«Il proclama sconcertante di 150 economisti accademici contro i due bravi colleghi, Puglisi e Stagnaro, recentemente nominati nel Nucleo tecnico della presidenza del Consiglio, rei di “ultraliberismo”, mi ha fatto rivedere all’opera quei metodi dogmatici e di potere che anche io avevo subito da giovane studioso, desideroso unicamente di esprimere il mio libero pensiero attraverso il mio lavoro». Comincia così il “manifesto” per una «nuova economica sociale di mercato» scritto dal ministro della Pubblica amministrazione Renato Brunetta scritto sul Foglio.
«La diatriba, di cui il Paese non sentiva il bisogno, ha un merito che francamente non meriterebbe di avere», spiega Brunetta. «Costringe a rendere ragione delle scelte che il governo – di cui mi onoro di far parte – sta compiendo». Il «formidabile pragmatismo» di Mario Draghi, dice, «non significa affatto fiducia cieca nel mercato e rinuncia a ideali umanistici e persino, dal mio punto di vista, socialisti. Ma è esercizio dell’ideale e della dottrina misurandone l’efficacia nell’esperienza». Con una sola regola: «Niente dogmi, please».

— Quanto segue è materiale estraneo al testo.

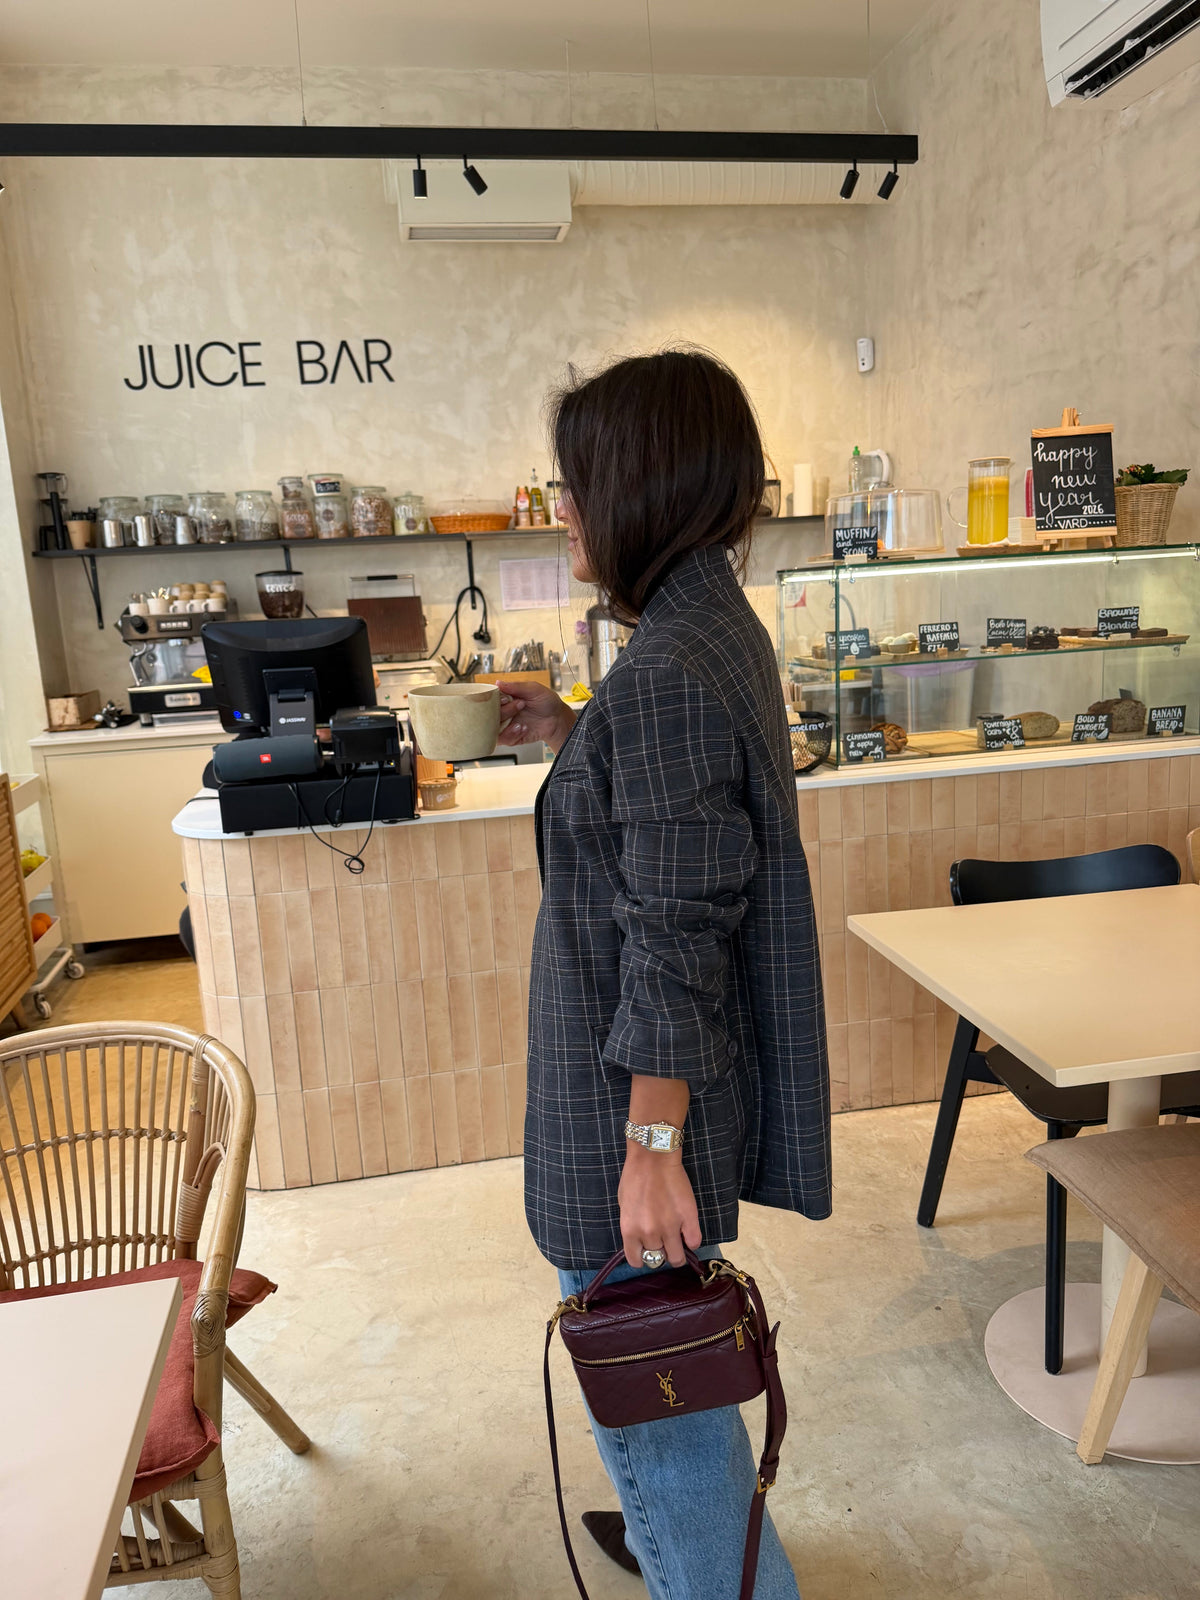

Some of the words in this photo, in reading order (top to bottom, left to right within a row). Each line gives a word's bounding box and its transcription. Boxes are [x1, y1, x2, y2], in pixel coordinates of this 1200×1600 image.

[124, 341, 266, 391] JUICE
[296, 339, 395, 385] BAR
[1034, 442, 1097, 472] happy
[1051, 474, 1097, 489] new
[1082, 503, 1104, 515] 2026
[836, 539, 853, 548] and
[920, 623, 951, 634] FERRERO
[1098, 621, 1138, 631] Blondie
[1151, 707, 1183, 719] BANANA
[1077, 715, 1096, 723] BOLO
[1155, 720, 1178, 733] BREAD
[1072, 732, 1080, 741] E
[849, 741, 855, 749] &
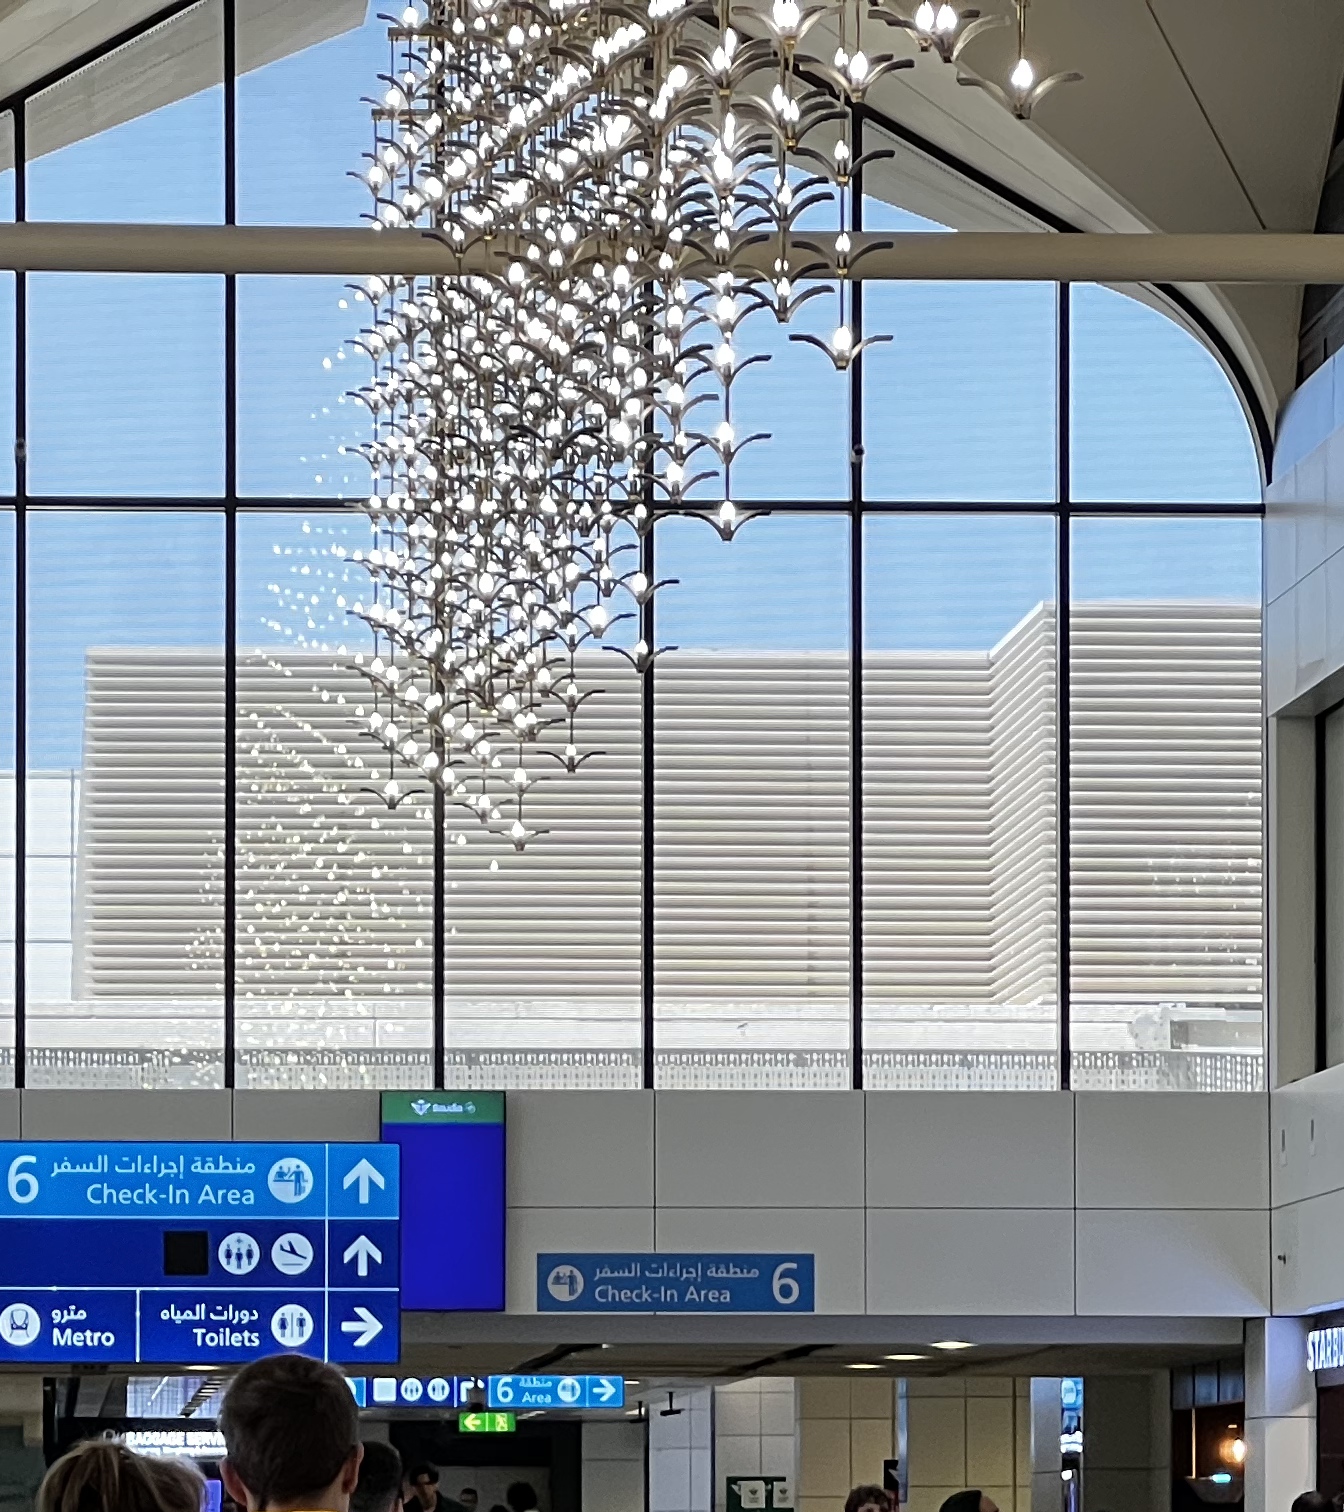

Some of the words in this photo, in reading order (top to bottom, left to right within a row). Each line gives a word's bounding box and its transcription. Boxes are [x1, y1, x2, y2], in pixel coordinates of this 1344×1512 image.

[51, 1154, 109, 1178] السفر
[114, 1155, 184, 1180] إجراءات
[191, 1154, 256, 1175] منطقة
[6, 1154, 41, 1205] 6
[86, 1183, 190, 1206] Check-In
[200, 1184, 256, 1206] Area
[593, 1262, 641, 1282] السفر
[644, 1262, 702, 1283] إجراءات
[706, 1262, 760, 1279] منطقة
[594, 1284, 678, 1304] Check-In
[684, 1286, 731, 1304] Area
[771, 1262, 800, 1305] 6
[51, 1307, 87, 1324] مترو
[159, 1304, 208, 1324] المياه
[209, 1306, 259, 1324] دورات
[52, 1327, 115, 1347] Metro
[192, 1326, 260, 1348] Toilets
[496, 1377, 514, 1404] 6
[521, 1391, 552, 1404] Area
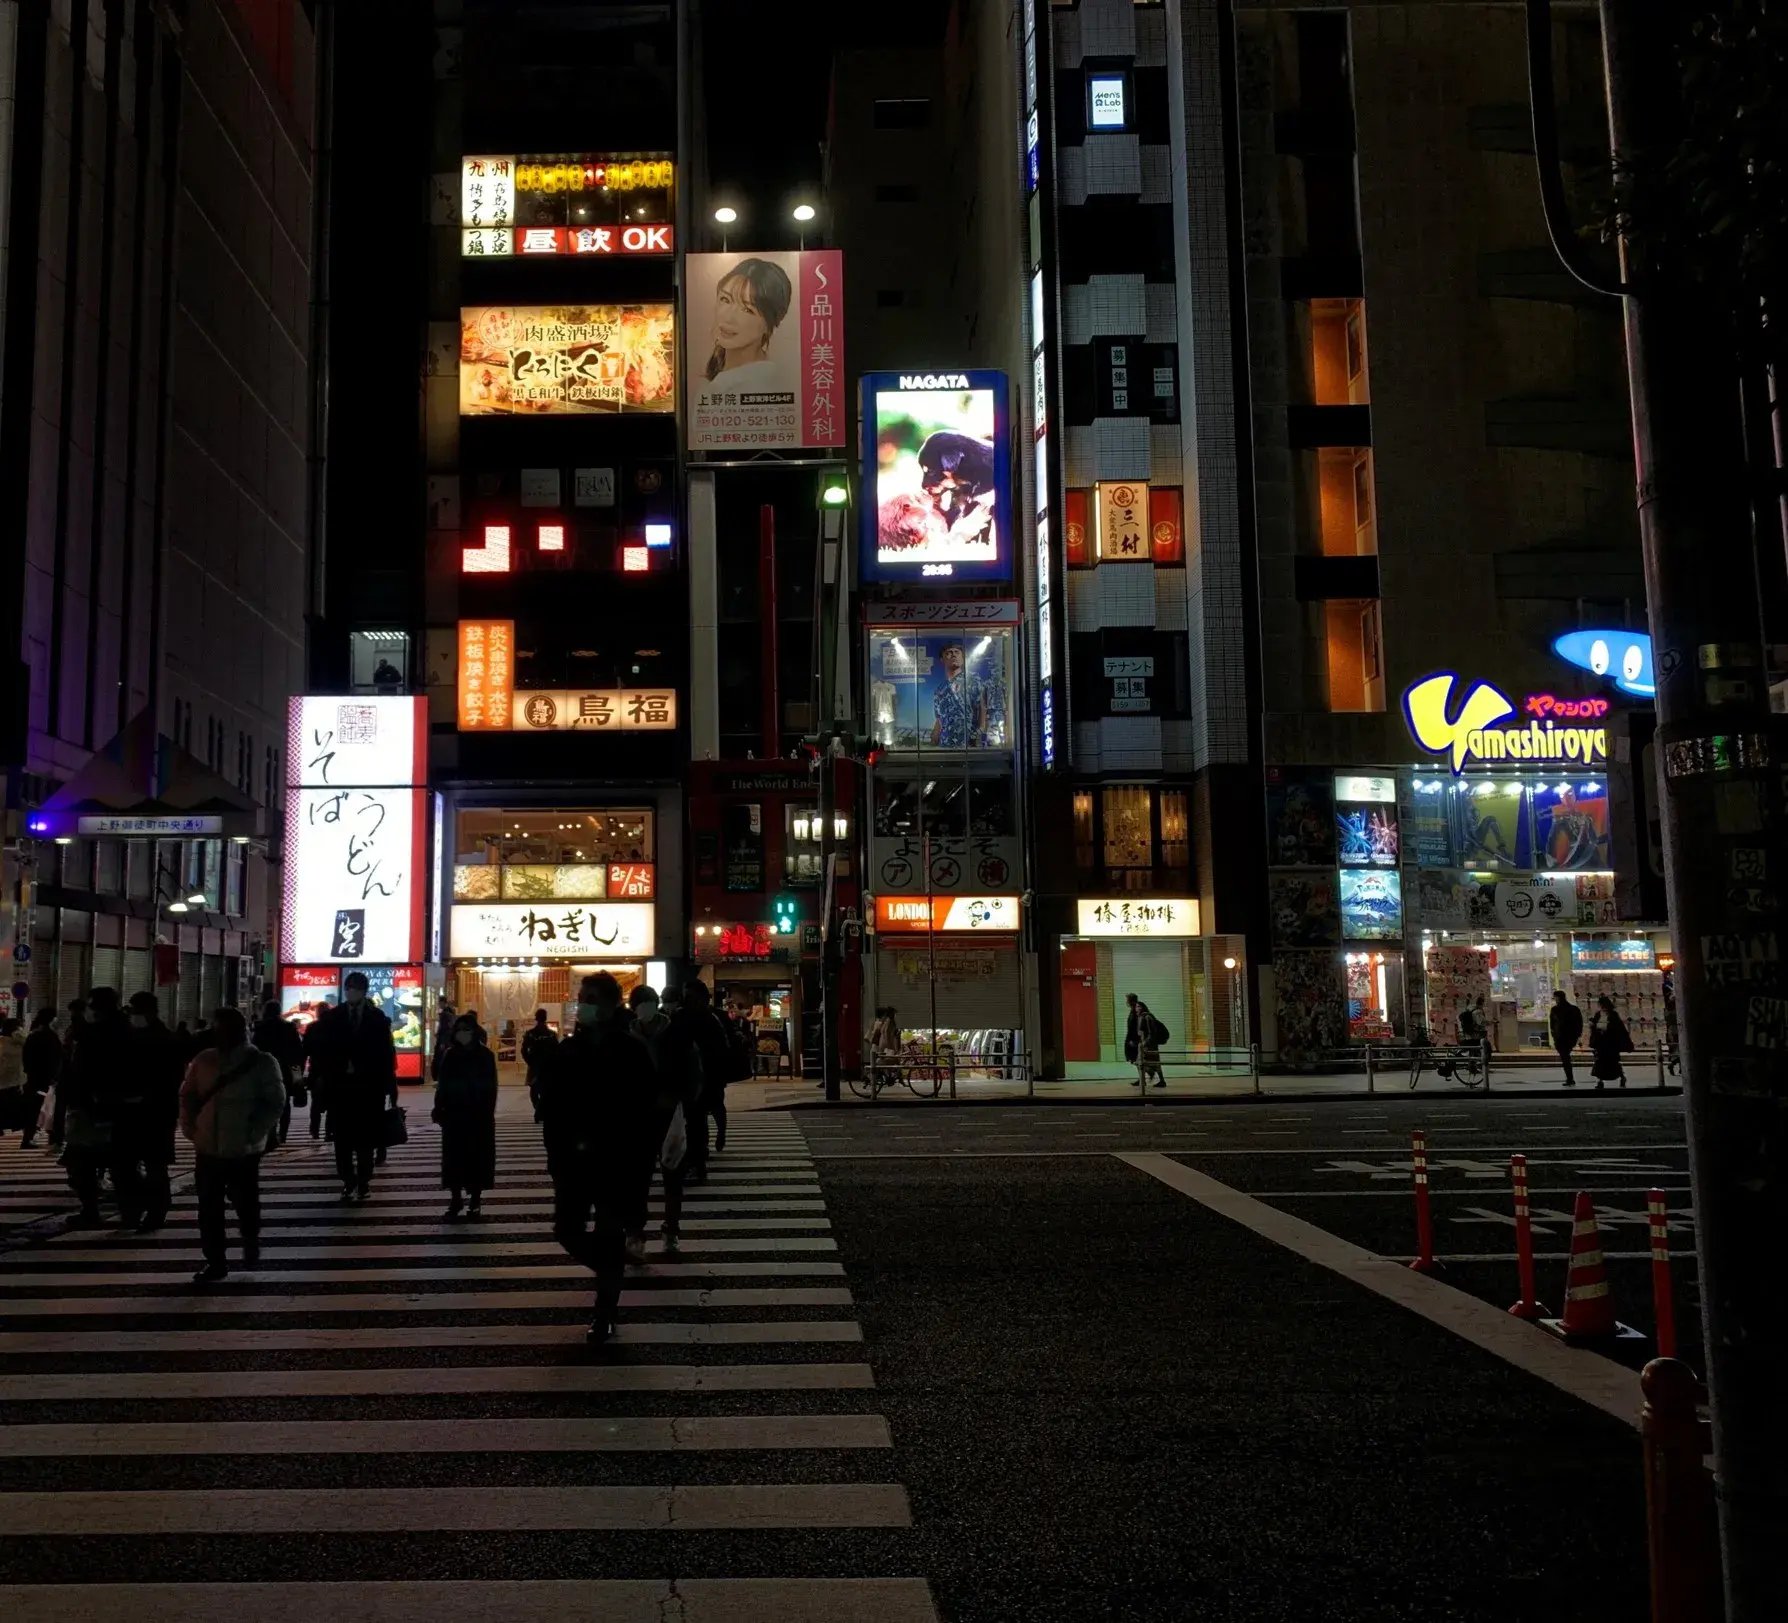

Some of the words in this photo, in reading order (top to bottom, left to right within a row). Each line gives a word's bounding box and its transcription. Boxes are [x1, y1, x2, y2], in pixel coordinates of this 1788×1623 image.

[469, 161, 509, 177] 九州
[467, 183, 485, 254] 博多もつ鍋
[525, 325, 611, 342] 肉盛酒場
[810, 294, 835, 441] 品川美容外科
[1113, 349, 1126, 405] 募集中
[899, 374, 969, 389] NAGATA
[697, 393, 737, 406] 上野院
[711, 415, 795, 427] 0120-521-130
[697, 433, 795, 443] JR上野駅より徒歩5分
[882, 605, 1003, 620] スポーツジュエン
[465, 626, 484, 727] 鉄板焼き餃子
[1106, 661, 1151, 672] テナント
[571, 695, 670, 729] 鳥福
[1527, 695, 1609, 718] ヤマシロヤ
[1408, 674, 1606, 772] Yamashiroya
[97, 819, 204, 831] 上野御徒町中央通り
[345, 793, 402, 900] うどん
[894, 837, 999, 857] ようこそ
[888, 902, 935, 921] LONDON
[1093, 901, 1176, 924] 椿屋珈琲
[518, 908, 619, 946] ねぎし

L’economia sociale di mercato può, secondo Brunetta, rappresentare il modello giusto da adottare nel contesto post-pandemico, quando saranno ridimensionati i sostegni pubblici a pioggia legati all’emergenza Covid. «Tra economia pianificata ed economista liberista pura esiste una terza via», dice. L’economia sociale di mercato, a cui si ispira il processo di integrazione europea, teorizzata dalla Scuola di Friburgo, è quella – spiega Brunetta – che Einaudi e De Gasperi cercarono di applicare in Italia, ma senza successo.
Oggi, dice Brunetta, è questo il modello giusto per la ripresa. E il punto di partenza è il Next Generation Eu. «Nell’immaginare il nuovo modello di economia sociale di mercato abbiamo bisogno del coraggio del “momento Merkel” che, da grande statista qual è, ha dimostrato di saper guardare avanti mettendo da parte gli interessi particolari per governare l’incertezza del presente e del futuro».
E per le sfide che ci aspettano, dice il ministro, servirà un intreccio innovativo di regole e investimenti pubblici e di comportamenti e investimenti privati. Con un atteggiamento maturo in seno all’Ue, di «convergenza competitiva»: da un lato il rifiuto della concorrenza sleale tra Paesi, dall’altro l’impegno a difendere gli interessi legittimi del nostro Paese, con una attenzione forte a «non caricare il nostro sistema di oneri inutili e costosi».
Occorre saper dire no allo statalismo, al protezionismo, a nuove tasse; e sì all’apertura dei mercati e a un welfare sostenibile – secondo il ministro. Ma la linfa sarà la «partecipazione»: i piani nazionali di ripresa e resilienza potranno diventare i catalizzatori di una rivoluzione sociale e culturale in grado di riscattare l’orgoglio individuale e comunitario.